The development of care and treatment: your rights and choices
Sources used to develop Care and treatment: your rights and choices.
The main rights and recommendations in this document are based on information from the following documents and organisations:
- The information strategy: ‘The power of information’
- the NHS Constitution
- the Equality Act 2010
- NICE – the National Institute for Health and Clinical Excellence.
The information strategy: ‘The power of information’
The information strategy is the Department of Health’s framework for gathering, storing and sharing information for, from and about people using health and social care services. The strategy aims to ensure that information is used to improve your experiences of health and social care and the quality of services. For example, accessing your GP records and booking appointments online, and having more information, so that you can choose the treatment and services that are right for you.
The NHS Constitution
The NHS Constitution aims to set out clearly what patients, the public and staff can expect from the NHS and what the NHS expects from them in return.

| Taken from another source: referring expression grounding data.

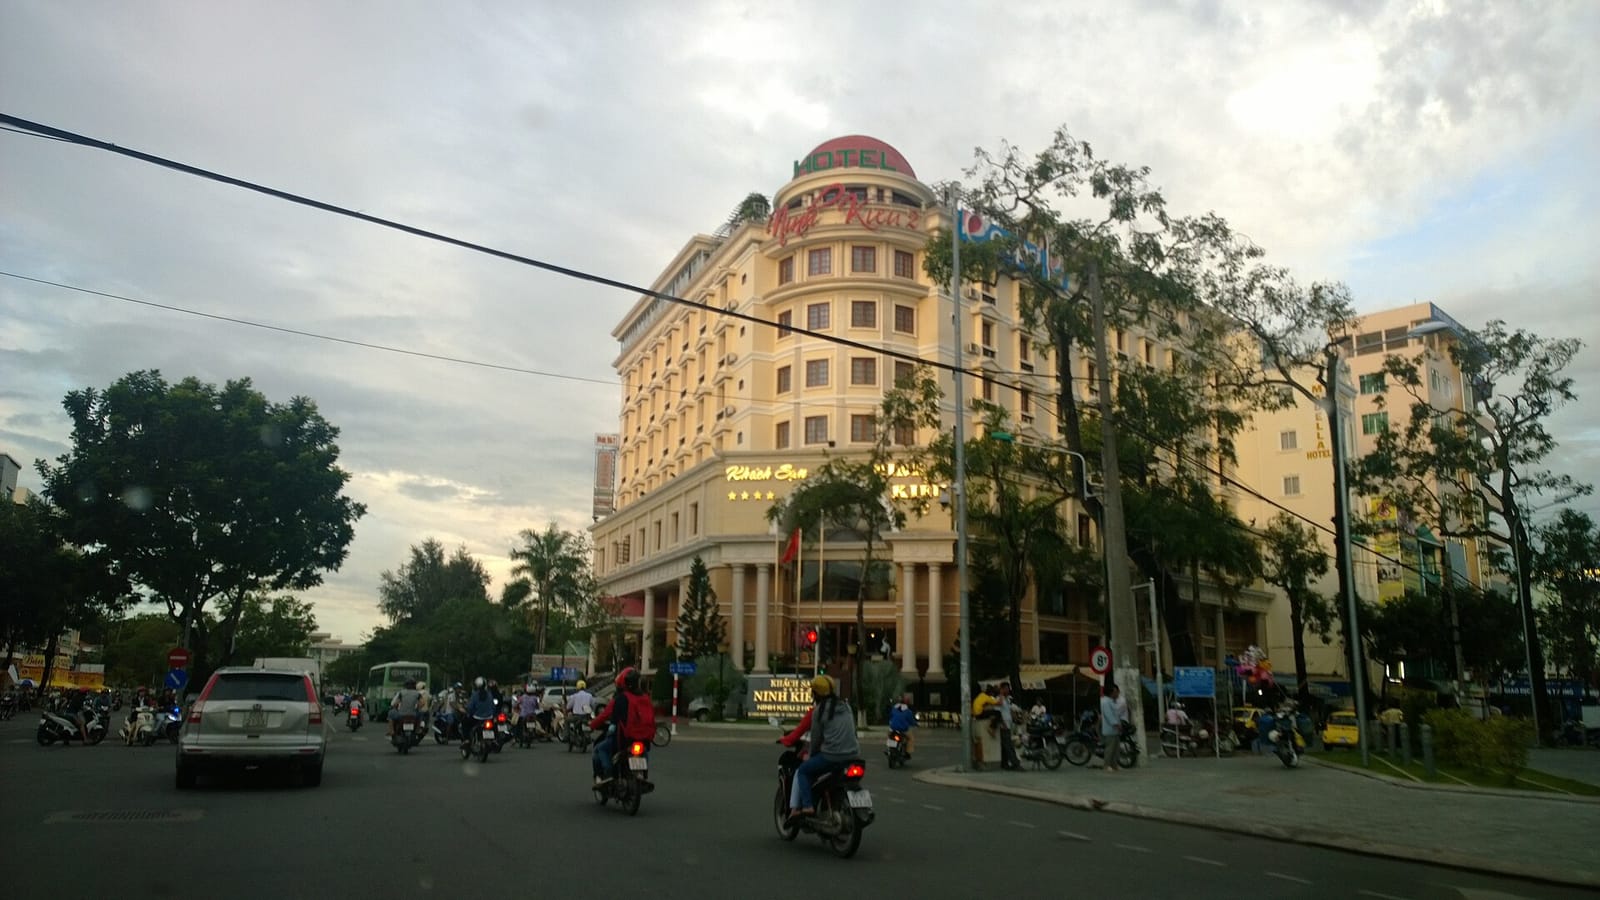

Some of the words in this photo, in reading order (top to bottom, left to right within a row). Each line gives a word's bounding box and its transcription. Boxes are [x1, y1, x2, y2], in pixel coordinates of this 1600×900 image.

[793, 149, 896, 179] HOTEL
[907, 207, 919, 230] 2
[1306, 449, 1331, 460] HOTEL
[753, 690, 788, 702] NINH
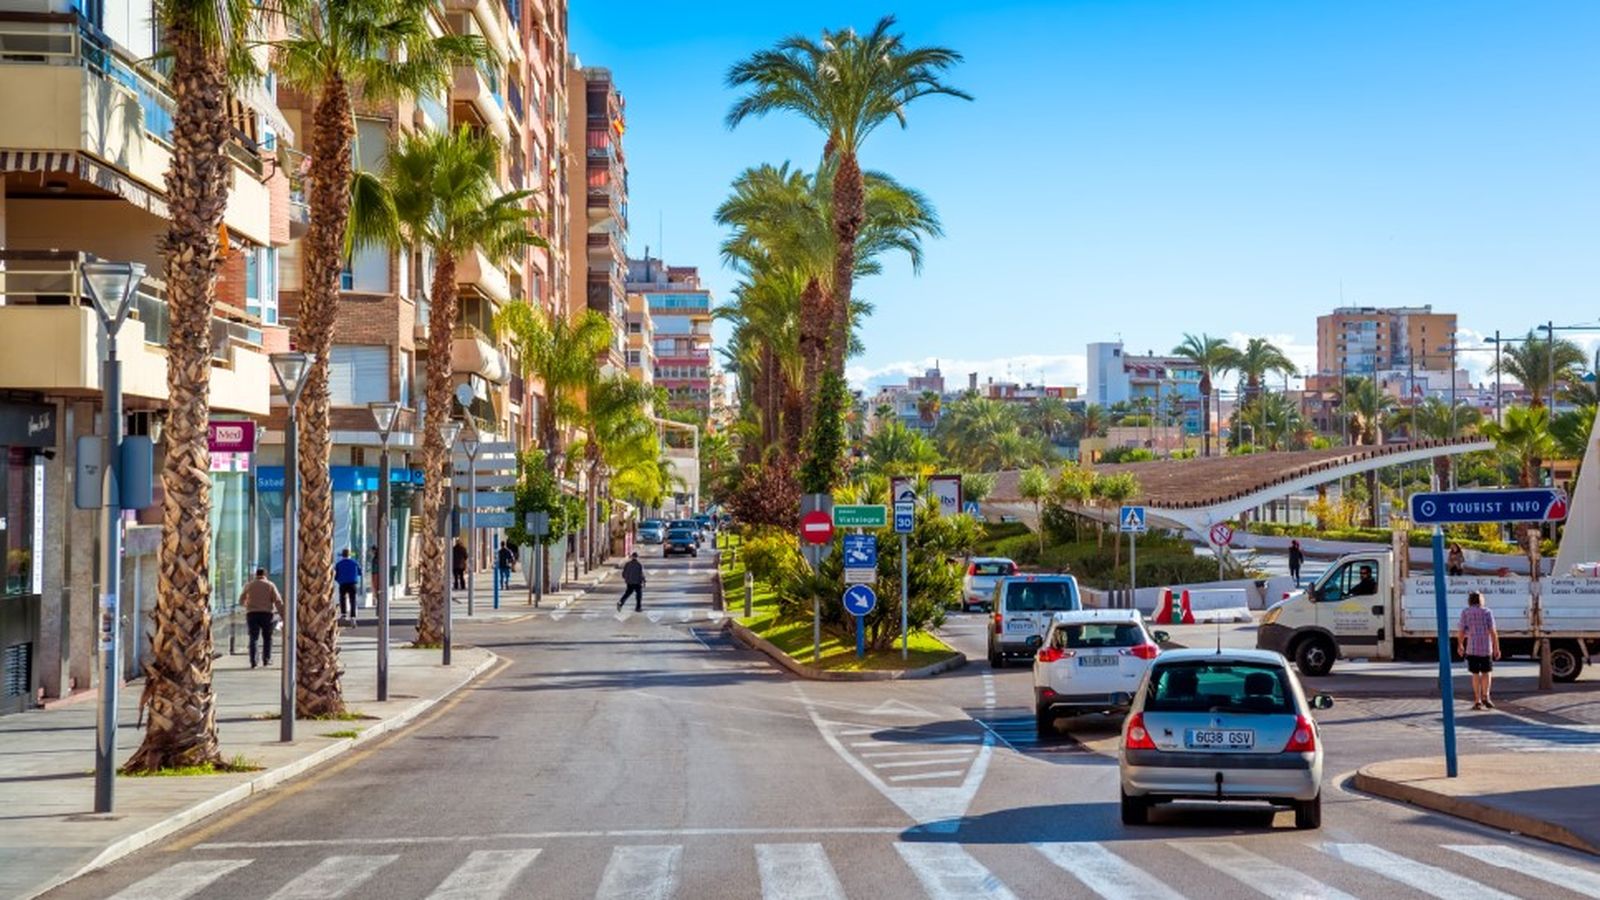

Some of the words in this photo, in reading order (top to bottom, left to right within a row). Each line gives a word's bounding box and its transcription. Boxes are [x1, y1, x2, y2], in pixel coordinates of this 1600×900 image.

[1448, 502, 1503, 514] TOURIST
[1510, 501, 1540, 513] INFO
[897, 518, 911, 527] 30
[1196, 731, 1224, 744] 6038
[1228, 731, 1250, 744] GSV

The constitution includes:
- rights (what you can legally expect),
- pledges (what the NHS is committed to achieving) and
- responsibilities (to and from patients, the public and staff).
The constitution aims to ensure better treatment within, by and of the NHS. The constitution applies to everyone who is entitled to NHS services in England.
Find out about NHS services for the rest of the UK: NHS Scotland, NHS Wales, and Health and Social Care Services in Northern Ireland .
The Equality Act 2010
The Equality Act 2010 combines nine anti-discrimination laws (including the Disability Discrimination Act) into a single law. It protects people from unfair discrimination, and promotes equal opportunities. It also protects people such as carers, who are associated with another person, from discrimination.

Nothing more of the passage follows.